Las sorpresas y la gran cantidad de partidos que nos dejó el cuadro masculino de previas se quedaron a mitad de camino en el femenino. Muchos menos partidos para repartir los billetes a cuadro final y apenas un golpe al orden establecido.
Pádel control total entre las mujeres, como demostraron Carmen Castillón y María Portillo, dupla nº8, ante las locales Emily Stellato y Giulia Susarello, dos wild cards, imponiendo un ritmo al que las italianas no pudieron llegar, quedándose cerca del gran objetivo, con un 6-1 y 6-4.

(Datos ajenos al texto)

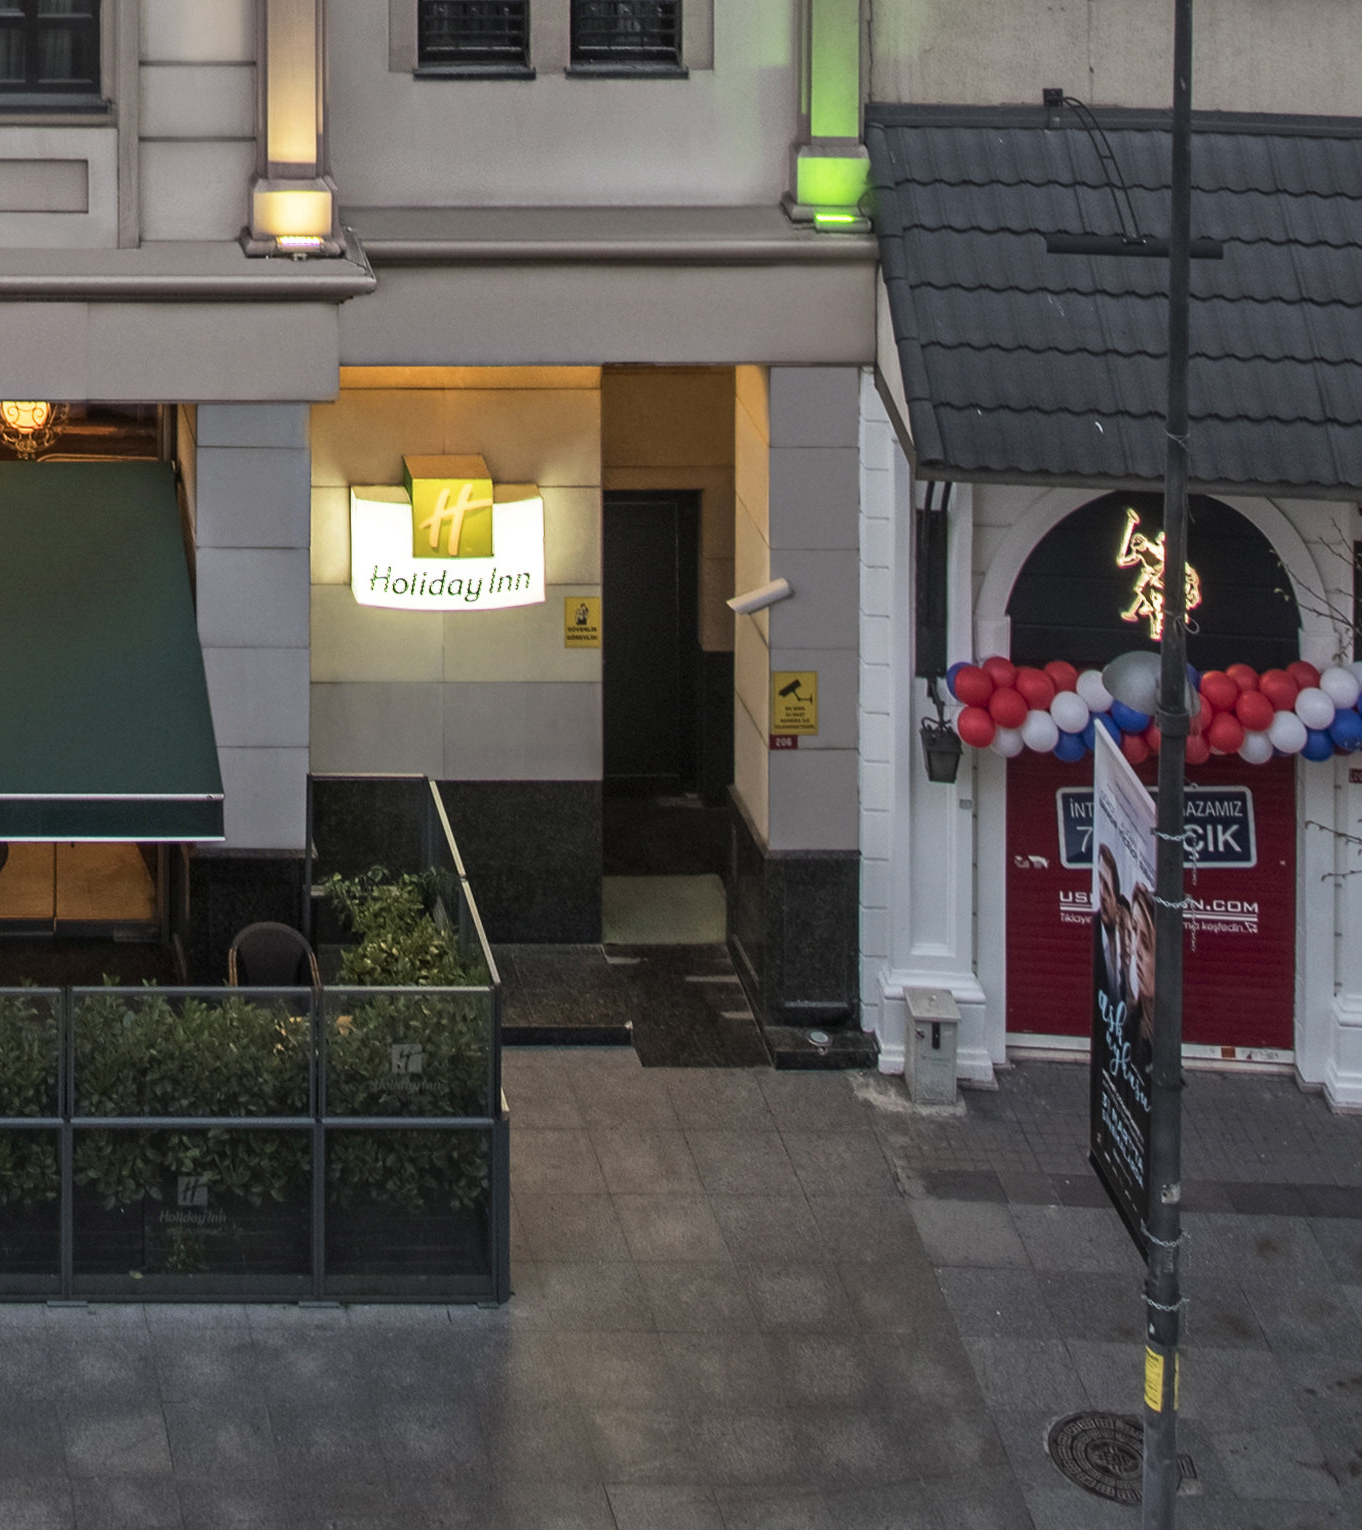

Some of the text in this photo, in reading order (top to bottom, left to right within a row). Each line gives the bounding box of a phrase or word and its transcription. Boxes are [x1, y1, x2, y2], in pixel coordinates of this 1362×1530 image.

Una victoria de gran carga emocional para Castillón, quien ha estado fuera de las pistas mucho tiempo por una lesión, una trombosis pulmonar. De nuevo y afortunadamente, se siente jugadora de pádel.

Donde sí hubo golpe de timón y se alteró el orden establecido fue en el partido que enfrentó a Ana Cristina Sánchez y Marcella Koek con la pareja nº2 de previas, Natividad López y Victoria Kurz (6-7, 6-4 y 6-0).
Remontada de las que refuerzan mucho la fortaleza mental, porque tras un gran trabajo en la primera manga, serían López y Kurz las que se llevaron el gato al agua; lo que pudiera ser un golpe de efecto y hundimiento, se convirtió en una mejora de prestaciones de la española y la holandesa, que le dieron la vuelta a la situación poco a poco, hasta llegar al éxtasis del segundo, en el que su rendimiento fue perfecto y no encontraron resistencia.

La pareja nº1, Raquel Piltcher y Daiara Valenzuela, logró un ajustado 7-5 y 6-3 ante Blanca Arriola y Ana Varo, mientras que Lucía Peralta y María Laura Ferreyra fueron una exhalación de acierto y toma de buenas decisiones ante Carla Fernández y Nerea Guerra, obteniendo un doble 6-1 en menos de una hora de juego.